Les instruments chagossiens s’enrichissent également du makalapo, du zes et du bobre. Ces instruments ont quasiment disparu à Maurice mais les Chagossiens tentent de les garder vivants. «Le makalapo était souvent utilisé aux Chagos lors de moments récréatifs et festifs. Les ségas étaient composés dans l’instant présent. C’était souvent des conversations. Chacun y ajoutait une phrase», se souvient Francis France, un natif de l’île Salomon.

Pour montrer aux jeunes comment utiliser ces instruments, un makalapo a été fabriqué dans la cour du CRG. «Il est composé de bois flexible, de fil en métal et d’un récipient que l’on enterre. Le récipient doit être en tôle de préférence pour que le son soit meilleur», explique Francis France, tout en s’asseyant pour montrer comment jouer du makalapo. «Le musicien doit pouvoir maîtriser à la fois le bois et le fil de métal pour faire naître une mélodie», souligne-t-il.

De son côté, Marcel Himbert fait une démonstration de zes et du bobre. «Le zes se joue comme une guitare tandis que le bobre a deux notes.

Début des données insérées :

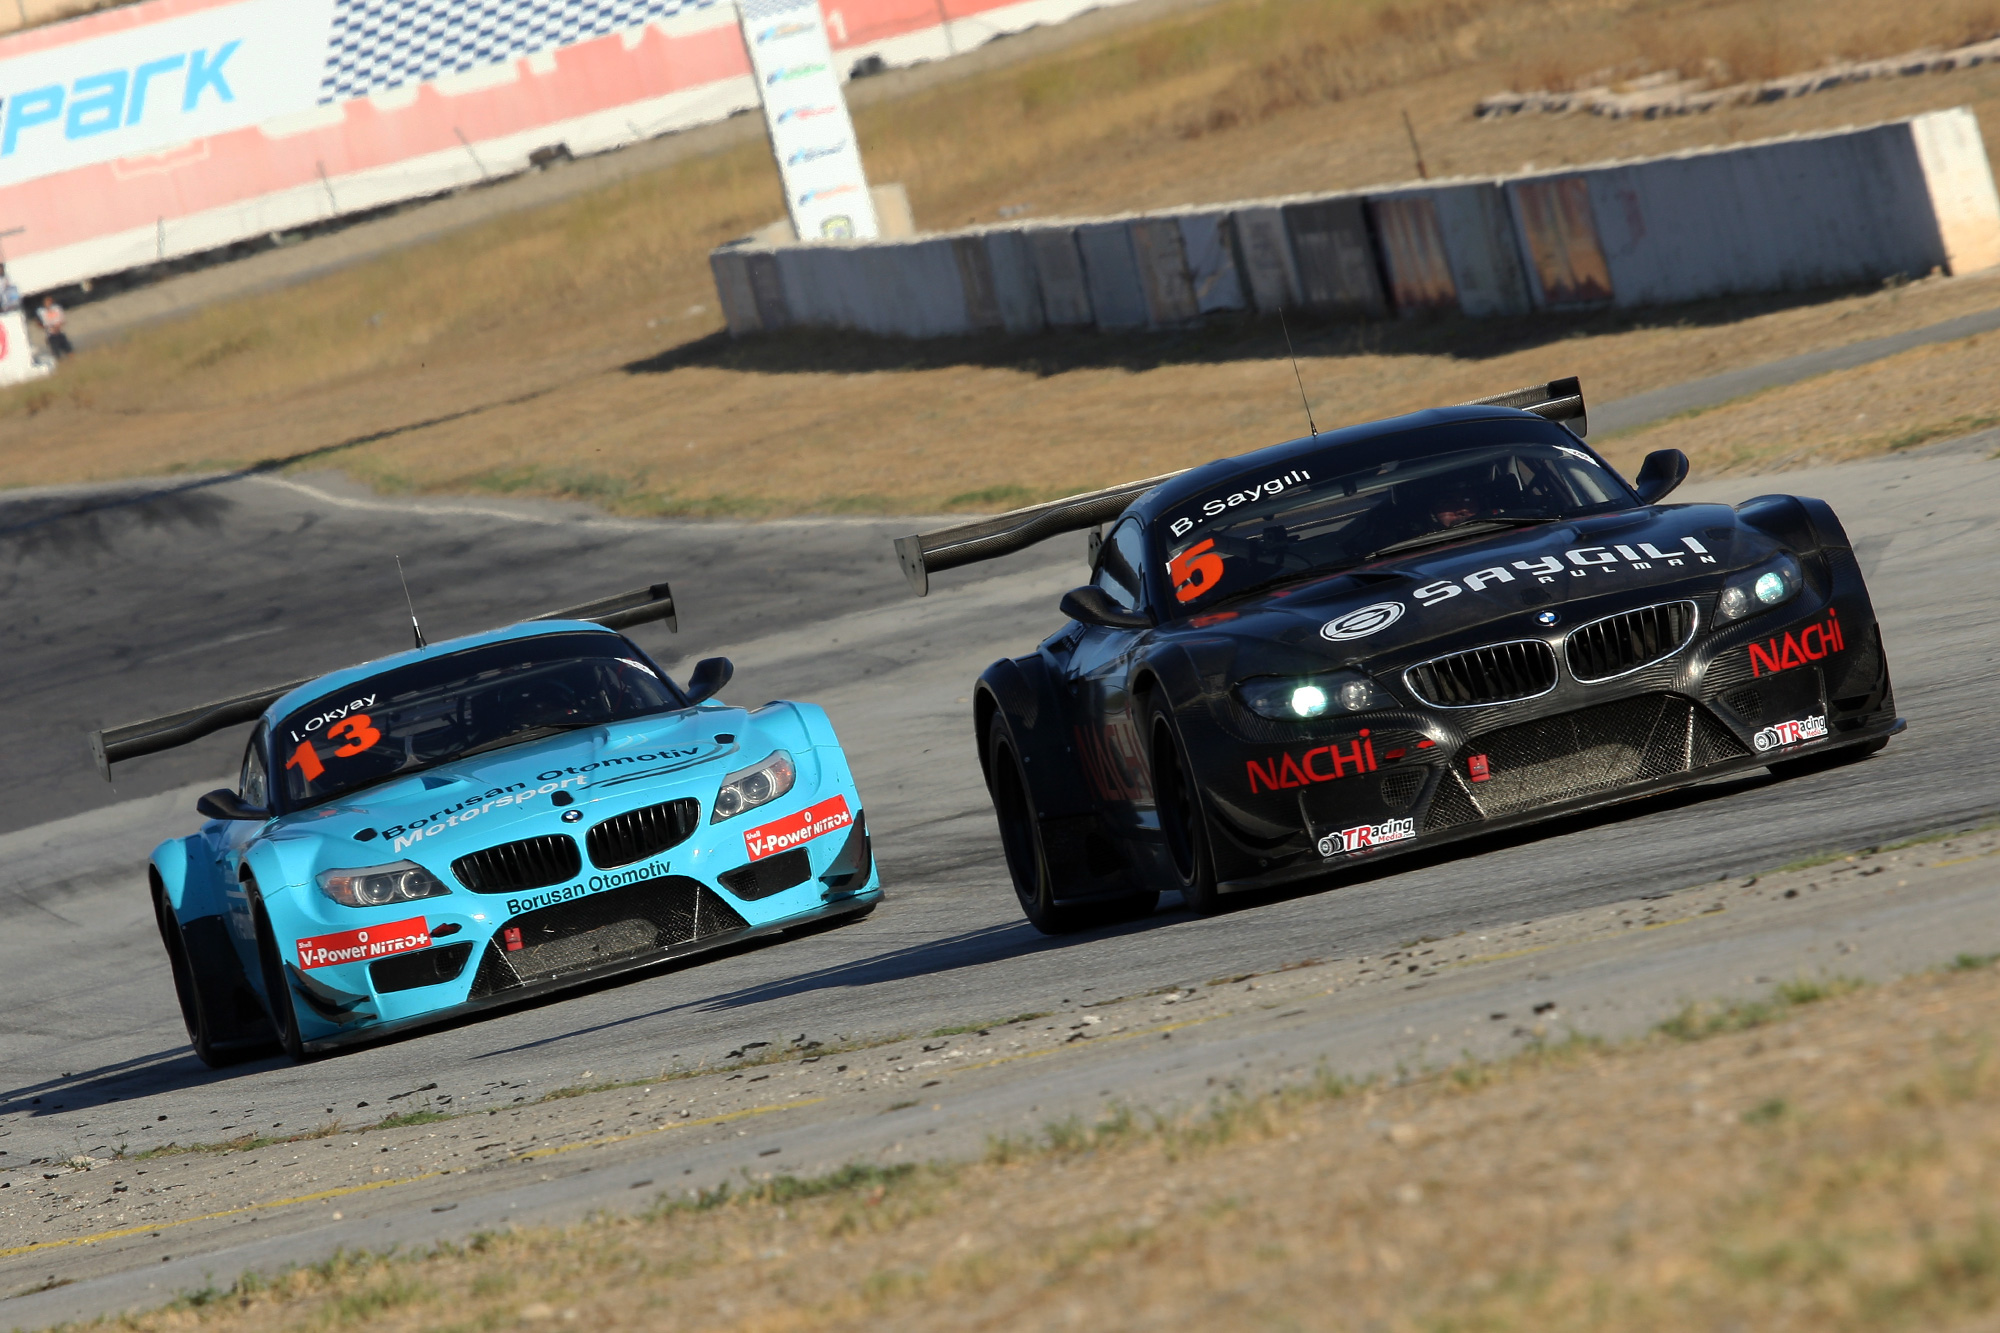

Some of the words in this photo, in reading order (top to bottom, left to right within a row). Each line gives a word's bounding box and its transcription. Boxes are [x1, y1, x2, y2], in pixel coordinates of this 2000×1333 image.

[1169, 537, 1225, 603] 5
[1775, 717, 1826, 744] TRacing
[285, 713, 382, 782] 13
[381, 781, 527, 841] Borusan
[536, 746, 700, 782] Otomotiv
[393, 774, 588, 854] Motorsport
[746, 830, 761, 841] Shell
[748, 825, 813, 857] V-Power
[1342, 818, 1414, 850] TRacing
[506, 883, 586, 916] Borusan
[588, 860, 672, 892] Otomotiv
[298, 940, 313, 949] Shell
[300, 945, 368, 967] V-Power

Je l’ai reconstruit de mémoire. Les jeunes à Maurice ne jouent pas de ces instruments parce qu’ils ne les connaissent pas. C’est pour cela qu’il est important d’avoir ces ateliers», expliquent-ils.

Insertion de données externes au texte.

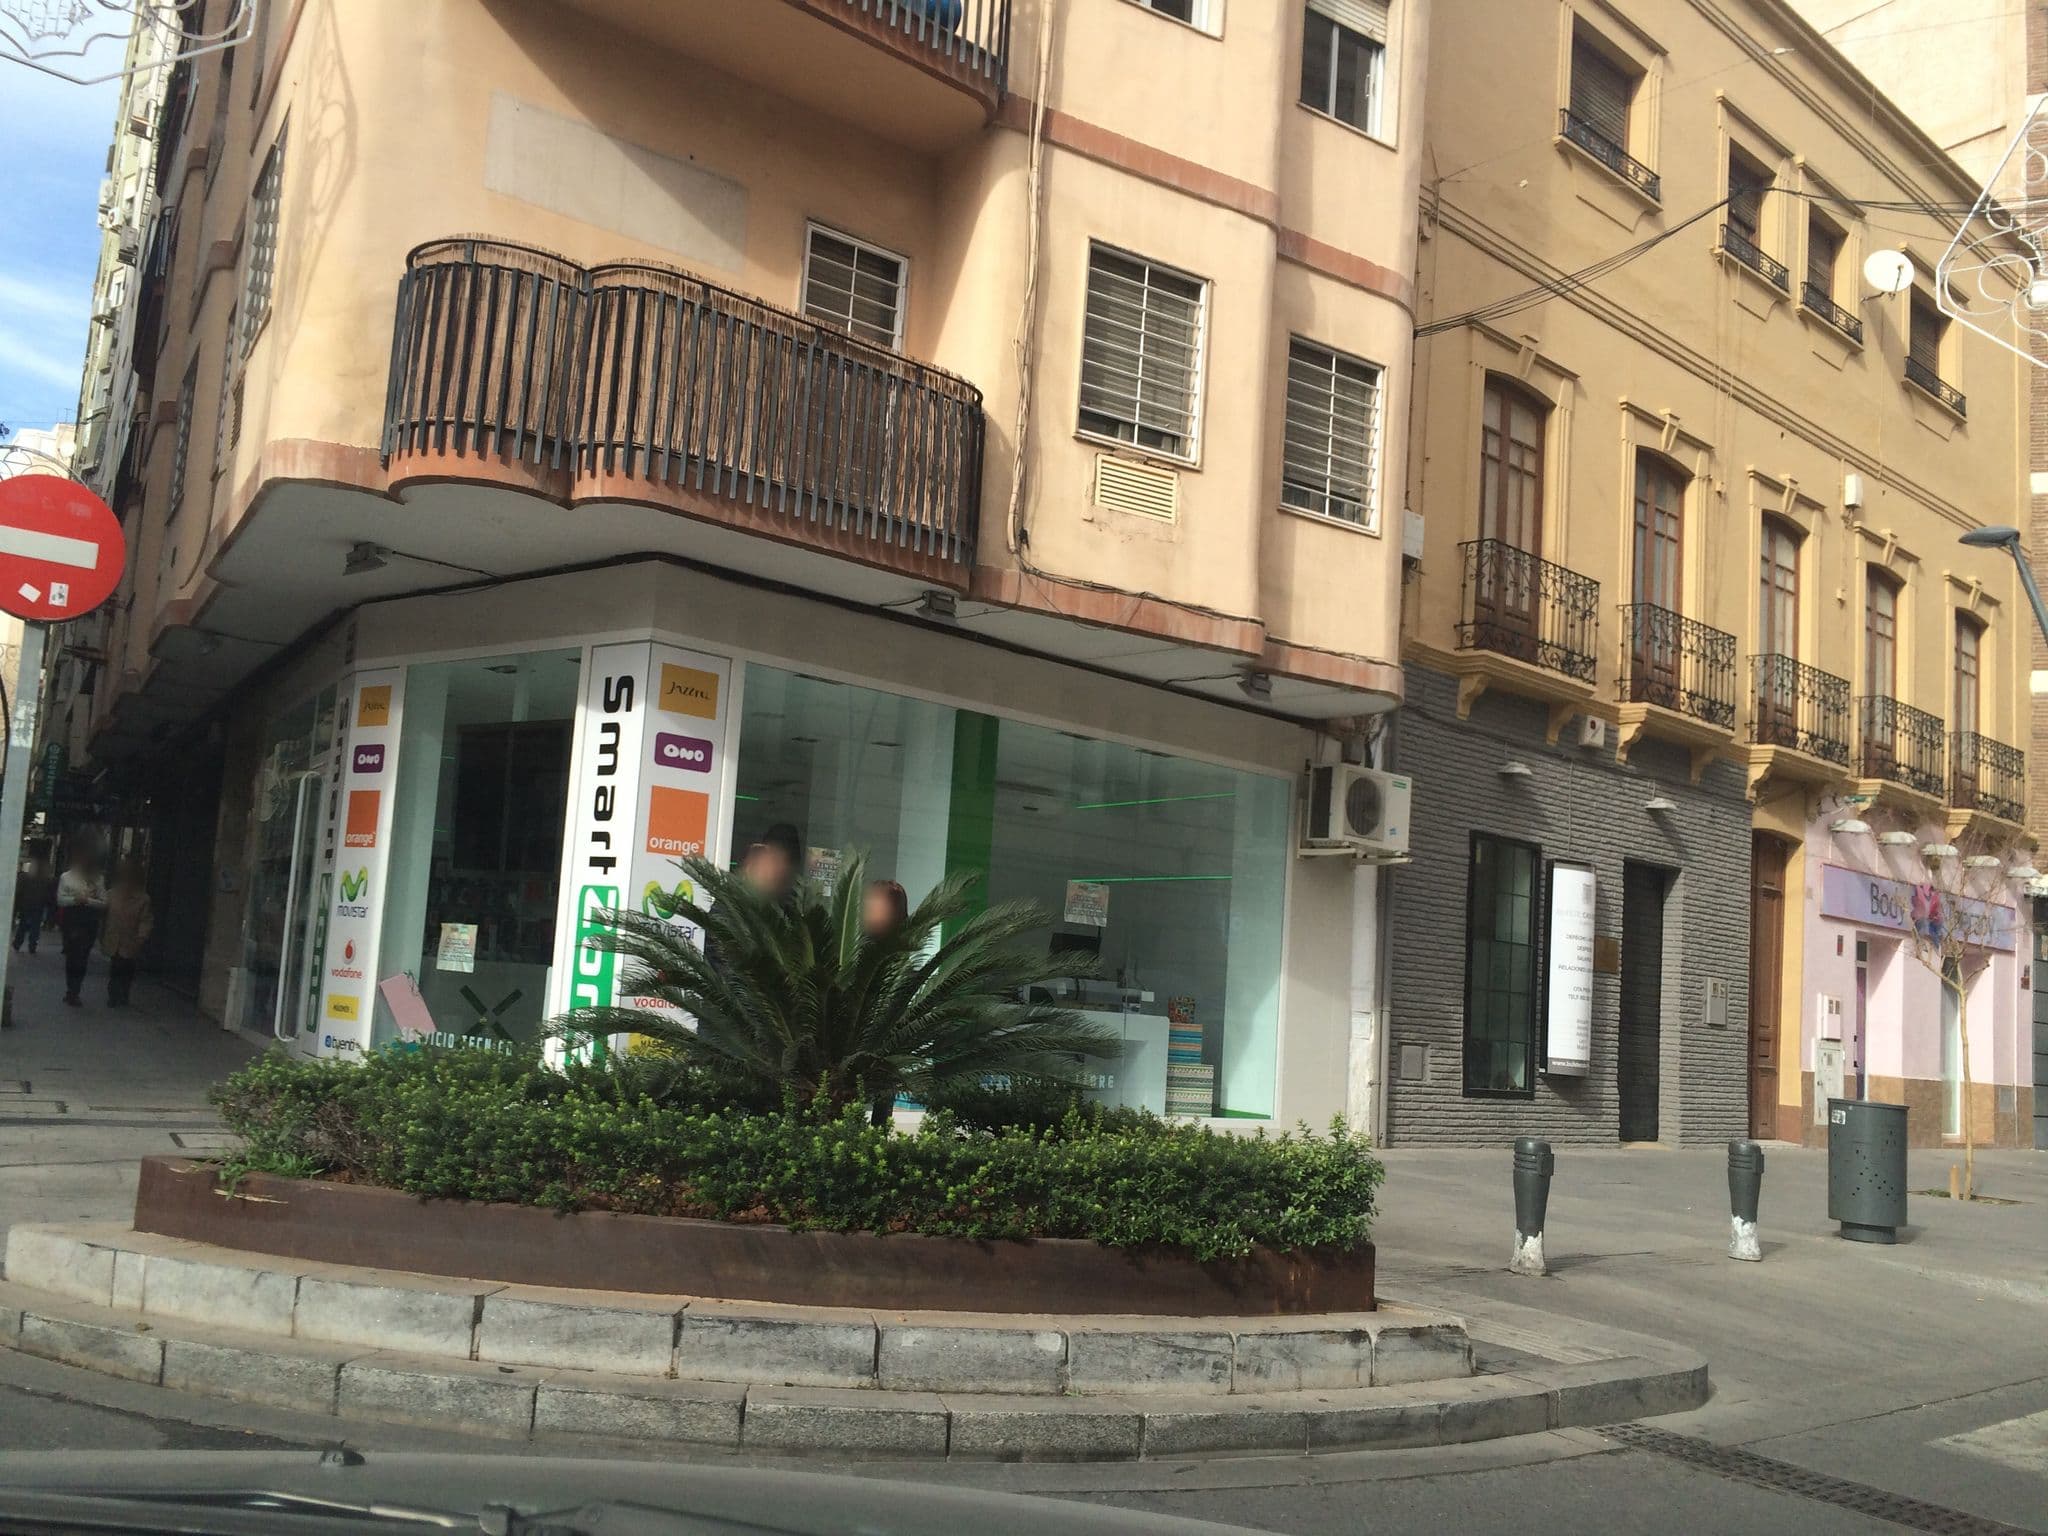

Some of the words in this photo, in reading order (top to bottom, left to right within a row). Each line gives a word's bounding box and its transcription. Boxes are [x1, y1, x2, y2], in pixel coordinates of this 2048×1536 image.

[663, 743, 705, 762] ONO
[589, 675, 634, 875] Smart
[346, 832, 374, 847] orange
[649, 836, 700, 856] orange
[336, 904, 368, 918] movistar
[331, 967, 363, 980] vodafone

La petite Emelyn Sowamber (photo) , âgée de dix ans, s’extasie devant la culture de ses grands-parents. «J’ai aujourd’hui appris comment les gens vivaient aux Chagos et j’ai pu voir les instruments de musique qu’ils utilisaient. J’ai appris à tirer des sons du makalapo et du zes. Je trouve que ce sont des instruments extraordinaires, qui donnent de jolis sons. Je ne les connaissais pas. Il a fallu cet atelier pour que je découvre ces instruments. On m’a aussi appris à danser le séga des Chagos. Dans le séga mauricien, nous faisons beaucoup de pas tandis que dans le séga chagossien, il y a toujours un seul pas et les pieds sont plaqués au sol», raconte-t-elle. 

Entre chants, danses et musique, à un moment, nous nous sommes cru aux Chagos où tous les samedis après-midi, le rythme du séga ponctuait les vies.